# WHAT TO PRODUCE
Word for word, restate all the records; images are not part of the copy.

Image-backed grounding data
== Segment start ==
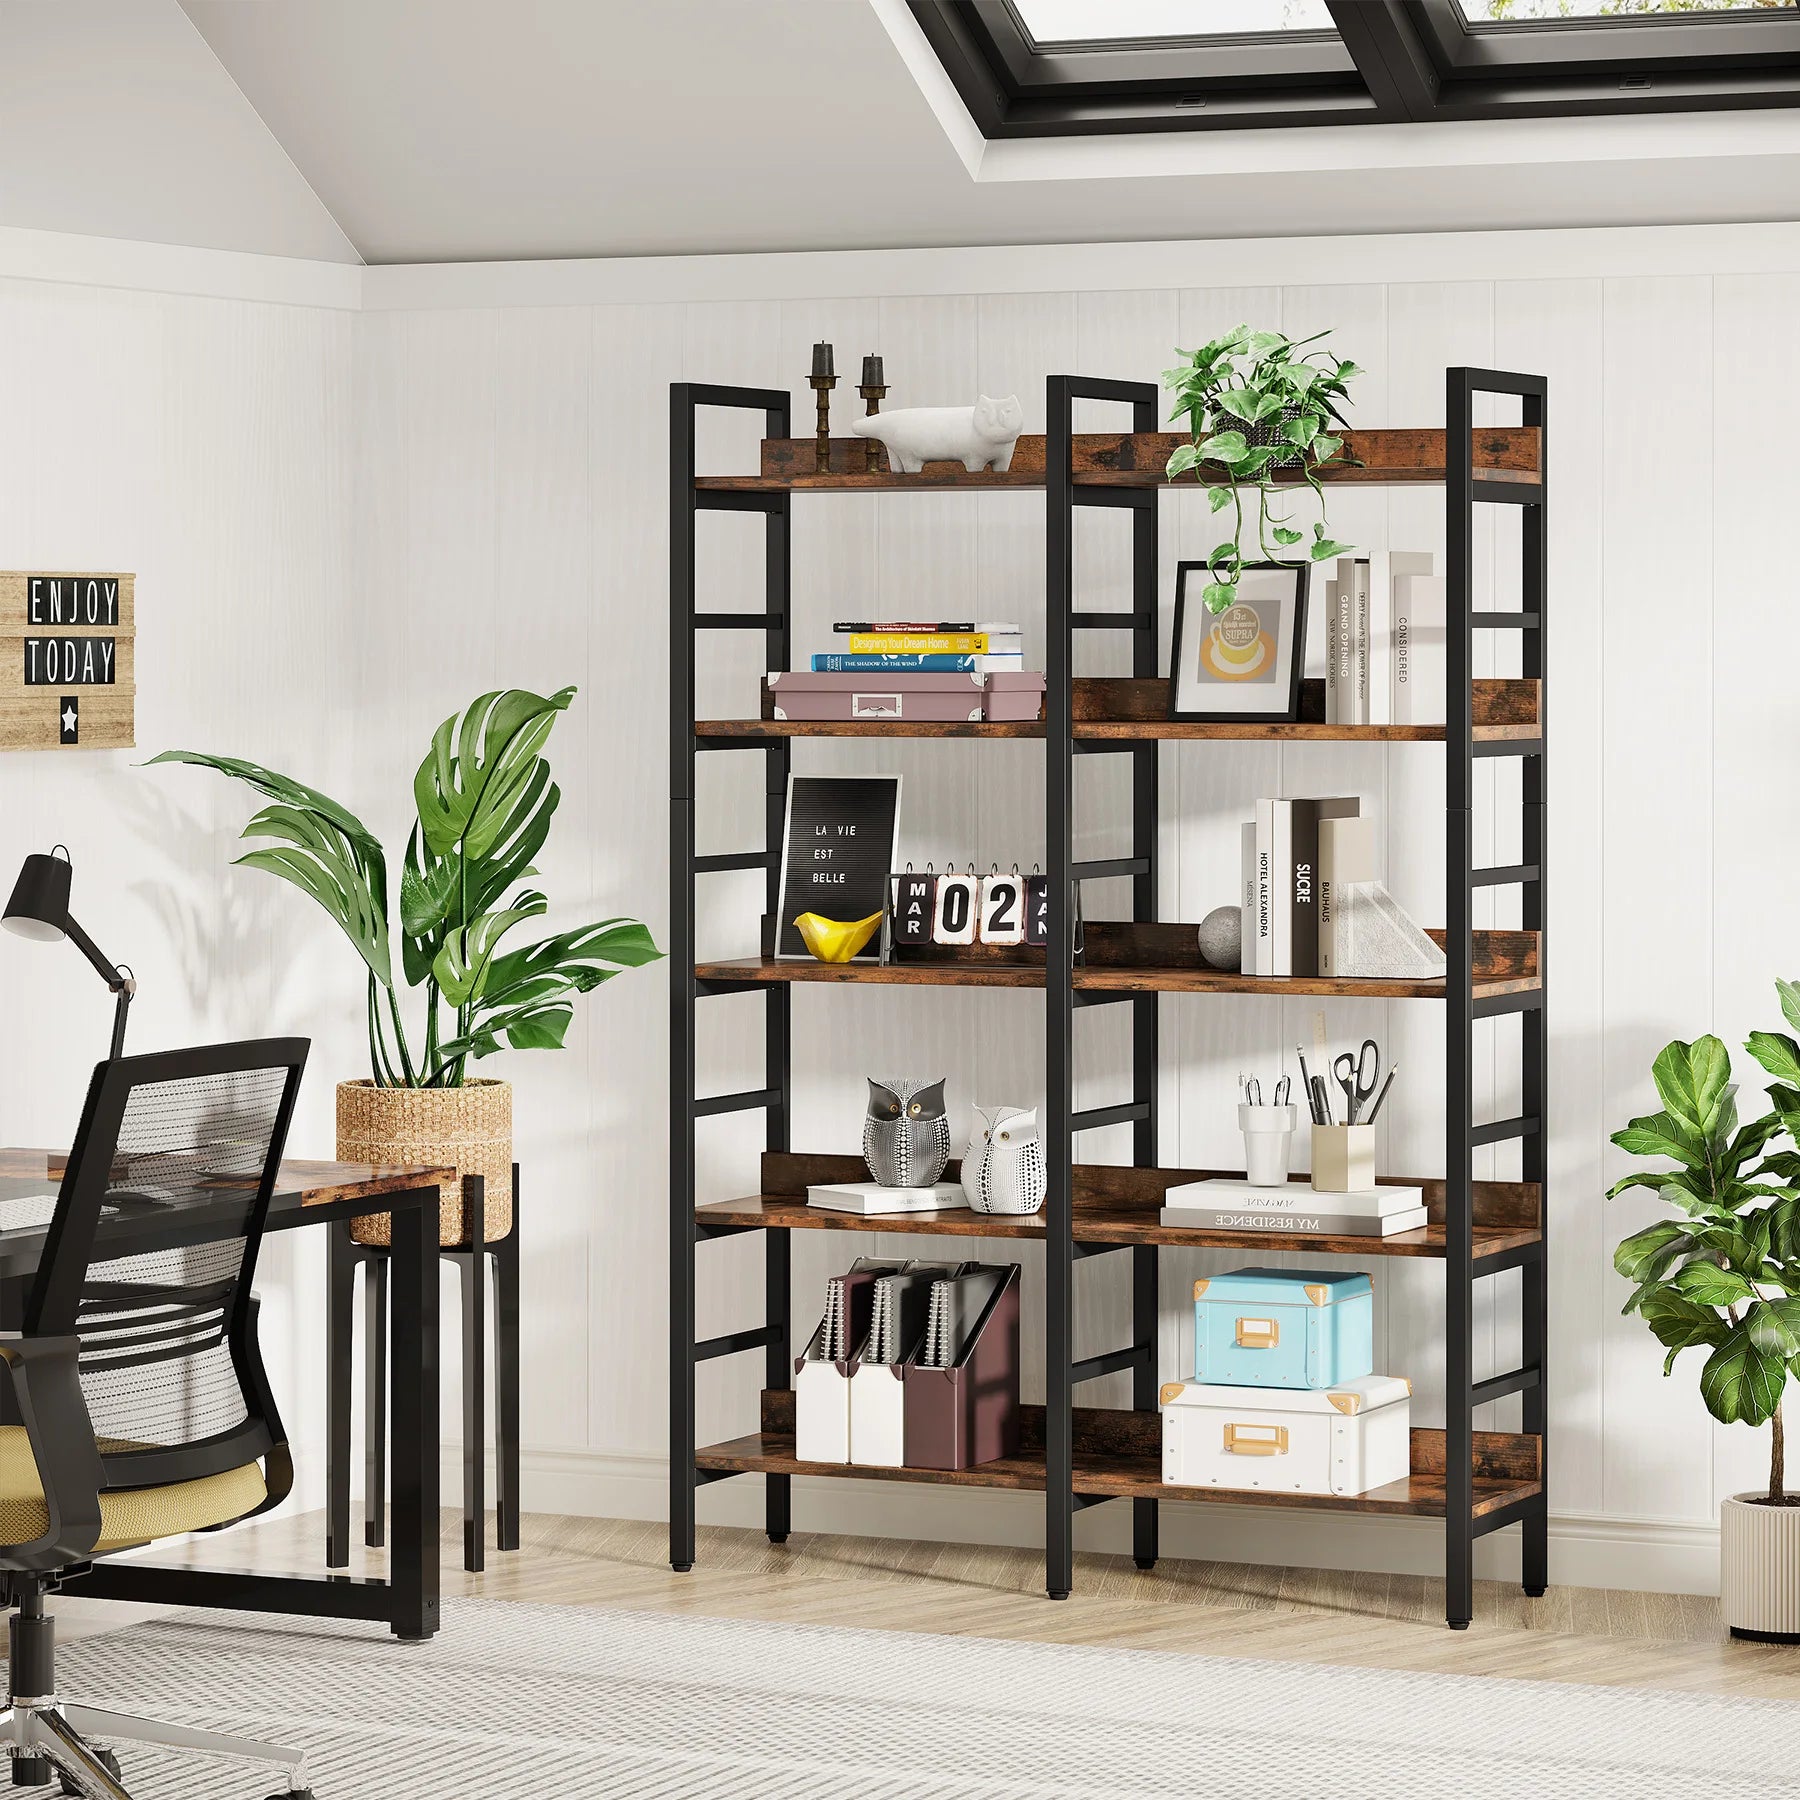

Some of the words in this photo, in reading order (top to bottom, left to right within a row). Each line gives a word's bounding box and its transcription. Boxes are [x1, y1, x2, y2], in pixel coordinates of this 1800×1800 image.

[32, 580, 116, 624] ENJOY
[1341, 595, 1349, 629] GRAND
[853, 637, 887, 652] Designing
[888, 637, 903, 649] Your
[904, 637, 927, 649] Dream
[927, 637, 949, 649] Home
[1225, 629, 1253, 641] SUPRA
[1358, 638, 1366, 649] THE
[1398, 617, 1408, 683] CONSIDERED
[28, 639, 113, 682] TODAY
[1341, 633, 1349, 678] OPENING
[1358, 650, 1366, 670] POWER
[1358, 670, 1366, 679] OF
[815, 825, 827, 836] LA
[837, 825, 856, 836] VIE
[814, 849, 833, 860] EST
[1260, 852, 1268, 882] HOTEL
[812, 873, 846, 883] BELLE
[1296, 863, 1311, 903] SUCRE
[907, 883, 926, 934] MAR
[1260, 883, 1268, 938] ALEXANDRA
[1322, 881, 1330, 923] BAUHAUS
== Segment end ==
# PROBLEM SOLUTION
Some of the words in this photo, in reading order (top to bottom, left to right within a row). Each line gives a word's bounding box and its transcription. Boxes are [x1, y1, x2, y2], in pixel coordinates of this 1800×1800 image.

[32, 580, 116, 624] ENJOY
[1341, 595, 1349, 629] GRAND
[853, 637, 887, 652] Designing
[888, 637, 903, 649] Your
[904, 637, 927, 649] Dream
[927, 637, 949, 649] Home
[1225, 629, 1253, 641] SUPRA
[1358, 638, 1366, 649] THE
[1398, 617, 1408, 683] CONSIDERED
[28, 639, 113, 682] TODAY
[1341, 633, 1349, 678] OPENING
[1358, 650, 1366, 670] POWER
[1358, 670, 1366, 679] OF
[815, 825, 827, 836] LA
[837, 825, 856, 836] VIE
[814, 849, 833, 860] EST
[1260, 852, 1268, 882] HOTEL
[812, 873, 846, 883] BELLE
[1296, 863, 1311, 903] SUCRE
[907, 883, 926, 934] MAR
[1260, 883, 1268, 938] ALEXANDRA
[1322, 881, 1330, 923] BAUHAUS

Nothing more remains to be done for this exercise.